Tentang Film Mindhunter - Season 2

Akhirnya, another "American Crime Story", yang ternyata muncul di season ke-2 serial TV "Mindhunter". Jika season pertama berisi full pengenalan awal tentang divisi baru agen FBI yang berfokus pada psikologi para serial killer, sekarang semua yang sudah dipelajari langsung dipraktekkan saat ada pembunuhan masif terhadap anak-anak kulit hitam di Atlanta pada tahun 1980.


Sejak episode terakhir di season pertama, Holden Ford (Jonathan Groff)kini memiliki penyakit 'panic attack'. Ia sama sekali tak sadar kalau kedekatannya dengan Ed Kemper berhasil membuatnya takut setengah mati. Rasa percaya dirinya mengikis selama berhari-hari sejak kejadian tersebut. 

Tapi keadaan sedang mendukungnya di season ke-2, karena insting dan gayanya mewawancarai para pembunuh terkenal itu berhasil membuat divisinya naik pangkat. Pihak direksi menyukainya dan ia memiliki banyak kebebasan untuk mengeksplor apa pun yang ia suka.

Masih ditemani oleh Bill Tench (Holt McCallany) dan Dr. Wendy Carr (Anna Torf), Ford mengungkapkan impiannya untuk mewawancarai Manson, yes! Charles Manson (Damon Herriman). Namun sebelum mencapai impiannya itu, ia harus menghadapi beberapa kasus terlebih dahulu, dan tiba lah kita pada fokus utama season ini, yaitu pada pembunuhan puluhan anak kulit hitam di Atlanta atau disebut Atlanta Murders.




Semua berawal sejak Ford 'diculik' oleh seorang pegawai hotel menuju ke perkumpulan Ibu-Ibu yang kehilangan anak mereka. Beberapa ada yang sudah ditemukan meninggal, dan masih ada yang masih menghilang. Tercium bau rasis disini, karena kasus mereka tak terlalu dipedulikan di kotanya saat itu. Hingga benar-benar sampai belasan anak yang ditemukan meninggal, baru lah kasus ini masuk ke ranah nasional, dan tim Ford diberikan ijin maksimal untuk membantu mereka.

Berbekal dari semua pelajaran yang berasal dari para serial killer yang sudah Ford dan tim-nya wawancarai, Ford pun langsung dengan berani membuat profile sang pembunuh, dan yang paling bikin greget adalah saat Ford lantang mengatakan pembunuhnya adalah pria kulit hitam.
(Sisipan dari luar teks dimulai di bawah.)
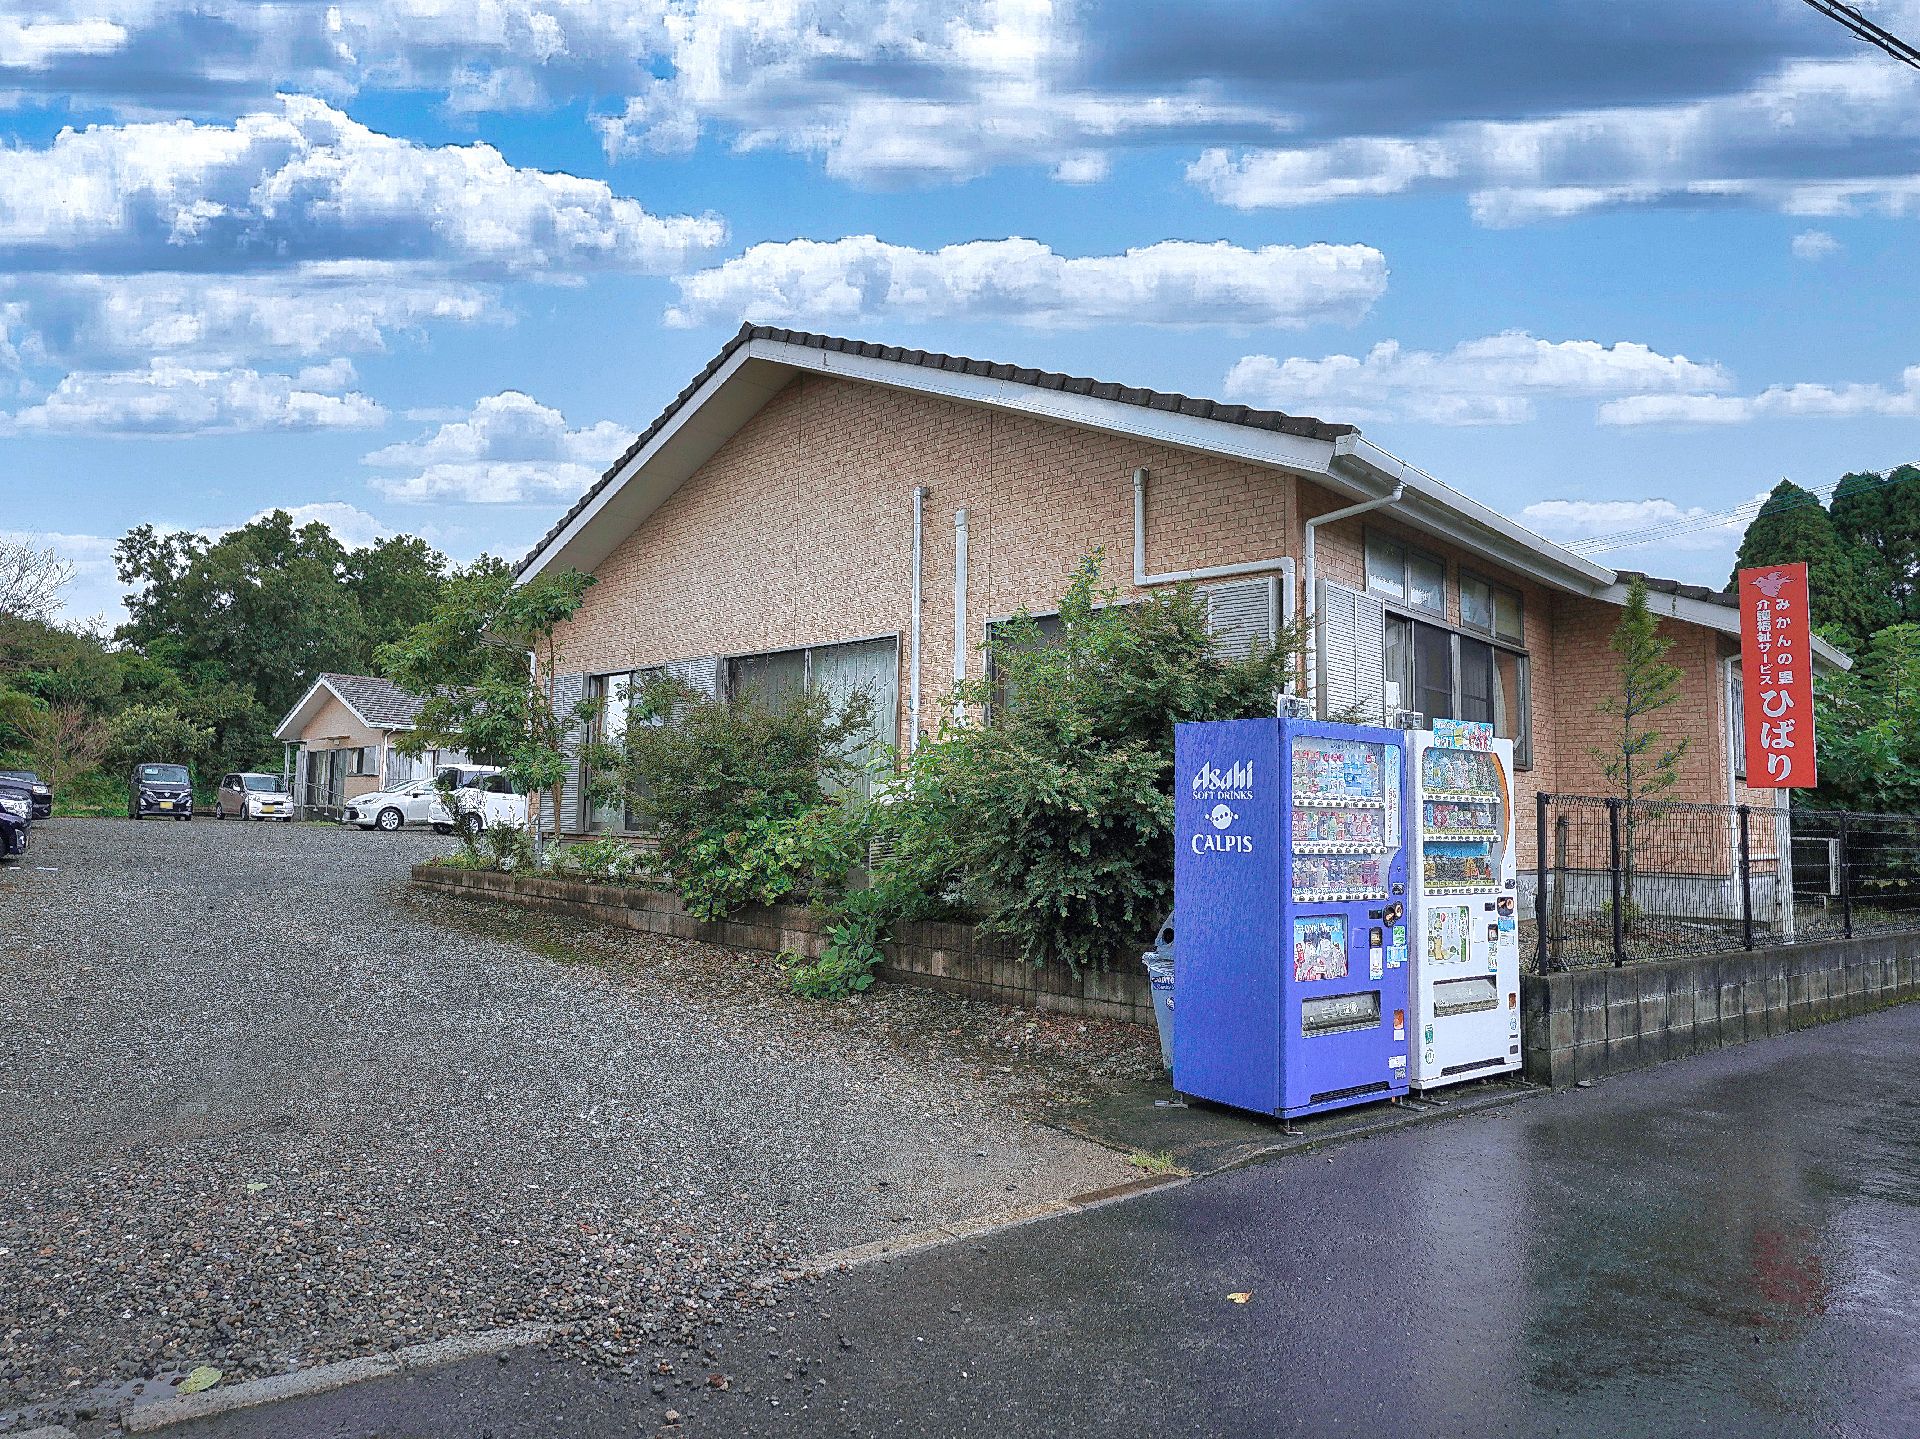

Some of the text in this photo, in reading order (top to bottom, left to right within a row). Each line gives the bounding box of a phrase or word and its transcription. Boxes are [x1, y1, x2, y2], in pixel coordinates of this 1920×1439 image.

[1756, 599, 1774, 686] 介護福祉サービス
[1776, 599, 1794, 685] みかんの里
[1760, 689, 1796, 782] ひばり
[1192, 760, 1253, 790] Asahi
[1192, 790, 1254, 800] SOFT DRINKS
[1191, 833, 1253, 855] CALPIS
Banyak yang tak terima, karena para ibu-ibu percaya kalau ini adalah kasus rasisme dari seorang kulit putih yang membenci anak-anak kulit hitam. Saat itu pun KKK (Ku Klux Klan) masih berkeliaran untuk mengutarakan kebencian mereka terhadap warga kulit hitam.
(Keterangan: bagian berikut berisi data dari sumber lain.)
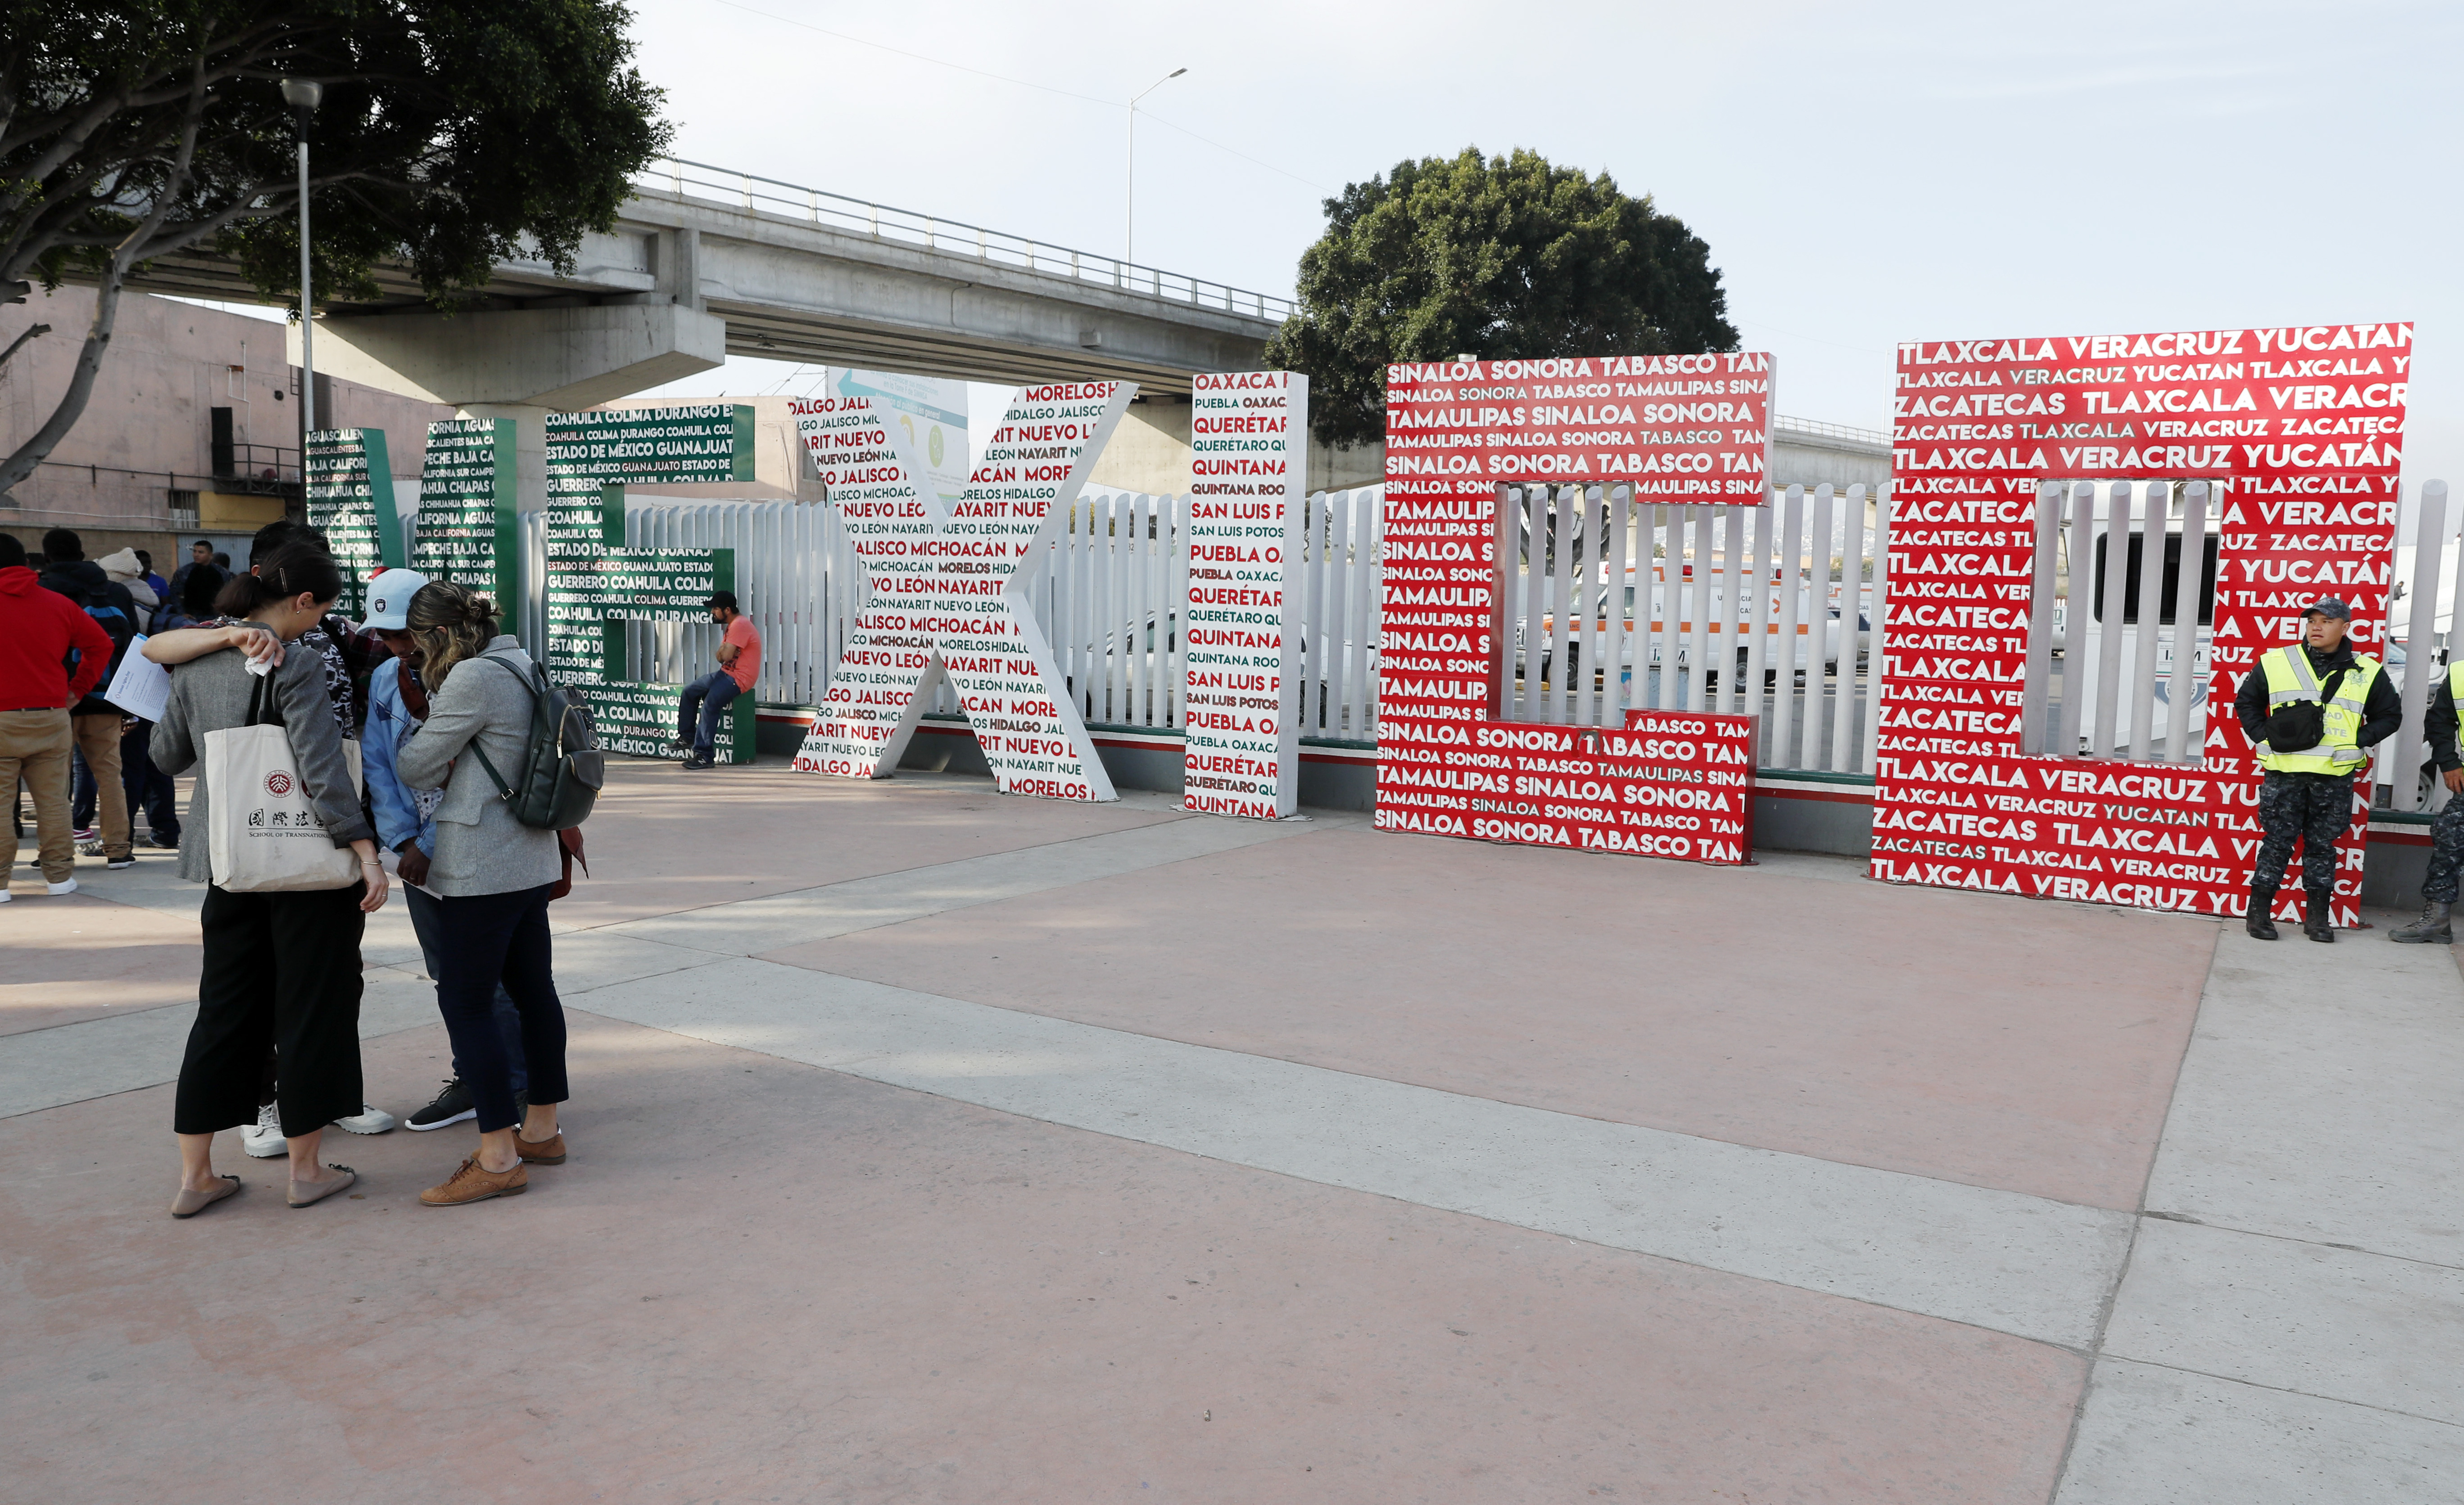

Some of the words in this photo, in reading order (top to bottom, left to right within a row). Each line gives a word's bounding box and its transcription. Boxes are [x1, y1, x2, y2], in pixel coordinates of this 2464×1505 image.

Film ini seakan ingin menjawab kebenaran dari kasus yang masih menjadi pro dan kontra hingga sekarang. Karena saat pembunuhnya ditemukan (berdasarkan profile yang dibuat oleh Ford), masih banyak yang tak puas dengan putusan di persidangan. Namun jika kita sudah menontonnya dari season pertama, kita akan mengerti isi otak dari para pembunuh berantai tersebut.

Selain kita dibuat deg-degan saat sedang ditelusuri siapa pembunuhnya, kita juga akan turut merasakan kehidupan personal dari tokoh Bill dan Wendy. Konflik rumah tangga muncul saat anak angkat Bill yang masih kecil sedang terlibat kasus pembunuhan. Di lain sisi, Bill juga sedang mendapatkan promosi dari atasannya, sehingga karakternya yang terkenal sangat tenang menjadi penuh emosional kali ini. Kemudian Wendy juga sedang mengalami konflik dengan kisah cinta rahasianya bersama dengan wanita bar. Namun memang yang paling buat simpati adalah kisahnya Bill, sampai kita jadi kesal dengan Ford karena sifat egoisnya muncul saat sedang semangat-semangatnya memecahkan kasus.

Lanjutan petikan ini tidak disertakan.